Wednesday, September 22, 2004

"Doomsday device, you say? Now the ball's in Farnsworth's court! I suppose I can part with one and still be feared."

Ye Olde Melting Pot
Did anyone else see the footage of Senator Ben Nighthorse Campbell (R, Colorado) on the floor of the Senate in the full ceremonial garb of his tribe on the floor of the Senate? I thought it was fantastic. It's not that I'm an huge fan of Indian culture; personally, I believe the reservation system should be phased out of existence. My blood is English, by religion I am a Roman Catholic. One of my best friends is half-Korean/half-European mutt, and a Lutheran. I have friends who are atheists, Hindus, and Jews. Friends who are German, Slavic, Italian. Because it doesn't matter where our ancestors came from, we are all Americans! The reservation system serves no purpose but to keep Indians separate from the rest of American culture, and as a side effect it keeps Indians disproportionately poor. In any event, I was glad to see Sen. Campbell in the clothing of his grandfather, because it served as a powerful reminder to our xenophobic European friends that the United States is the multicultural world they only pretend to be. I am tired of ignorant European college kids calling America a racist nation, when the only diversity their lily-white asses have ever seen is their equally lily-white friend in the corner with pretentions of being a neo-Trotskyist.

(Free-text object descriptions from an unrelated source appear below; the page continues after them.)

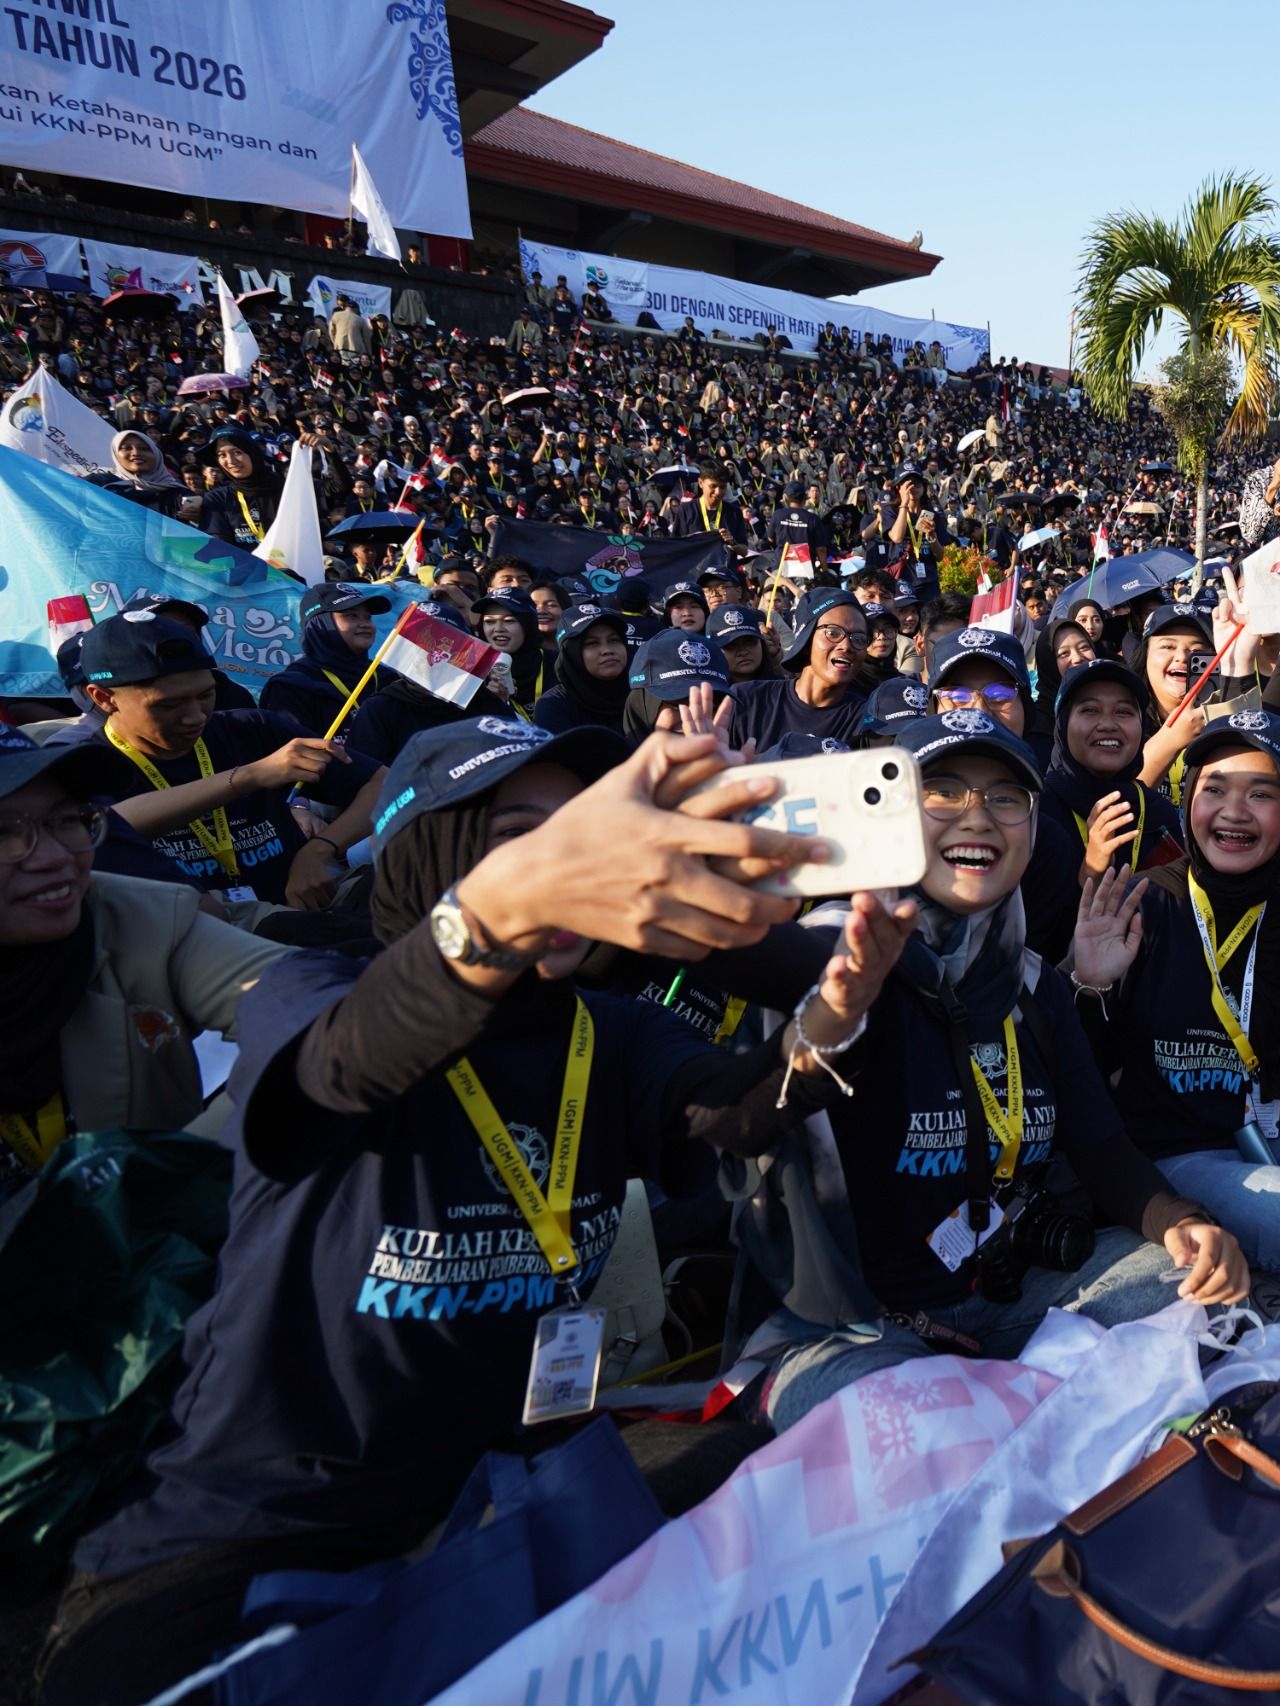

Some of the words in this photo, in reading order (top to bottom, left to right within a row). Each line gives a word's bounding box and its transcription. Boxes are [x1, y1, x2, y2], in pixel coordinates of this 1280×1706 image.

[4, 7, 141, 78] TAHUN
[150, 45, 247, 101] 2026
[31, 110, 151, 149] KKN-PPM
[47, 91, 180, 134] Ketahanan
[188, 122, 272, 153] Pangan
[279, 140, 318, 160] dan
[671, 295, 725, 321] DENGAN
[728, 305, 786, 332] SEPENUH
[788, 316, 815, 337] HATI
[448, 742, 532, 780] UNIVERSITAS
[238, 820, 273, 840] NYATA
[241, 838, 284, 867] UGM
[1153, 1039, 1207, 1057] KULIAH
[1207, 1042, 1238, 1060] KER
[1186, 1028, 1226, 1041] UNIVERSITAS
[1153, 1054, 1201, 1070] PEMBELAJARAN
[375, 1224, 494, 1260] KULIAH
[369, 1251, 489, 1284] PEMBELAJARAN
[356, 1275, 555, 1321] KKN-PPM

I'm touchy today because I was having a conversation with a friend about the tendency of many minorities to self-segregate into homogenous groupings (she's ethnically Chinese, her parents are from Taiwan, and she hates that Chinese kids all band together), when this pissant kid, as lily-white as me, breezes by and sneers, "Easy for you to say, you're white." In a perfect world, it would be acceptable for me to have beaten him to within an inch of his life for not-so-subtly implying that I am a racist. Alas, ours is not a perfect world and as soon as he sneered his little remark, he disappeared into a classroom.

Being The Last Angry Man
I pay homage to spite, and embrace it as one of the central pillars of the code by which I live my life. As such, I brook no dissent, and a gesture with no practical value I have no tolerance for those who would insult Star Wars. Thought I enjoy the NPR show Wait Wait... Don't Tell Me!, several years ago the host, Peter Sagal, remarked that he felt George Lucas owed him a refund for the price of his ticket to Star Wars: Episode I - The Phantom Menace, and if I ever meet Mr. Sagal, I shall make a point of conspicuously refusing to shake his hand. I very much enjoy Invincible, a comic book written by Robert Kirkman and drawn by Ryan Ottley. However, in the latest issue, No. 15, the main character, Invincible, called The Phantom Menace "crappy." I am being entirely honest when I tell you that I am now seriously considering dropping Invincible from my pulls, i.e. not reading it anymore. NPR is free, except for my tax dollars I don't pay a dime to support Wait Wait... Don't Tell Me! But each issue of Invincible costs two bucks, and I'm really not sure I want my Washingtons going to support a Star Wars hater. There is a far better than even chance I have read my last issue of Invincible. Spite!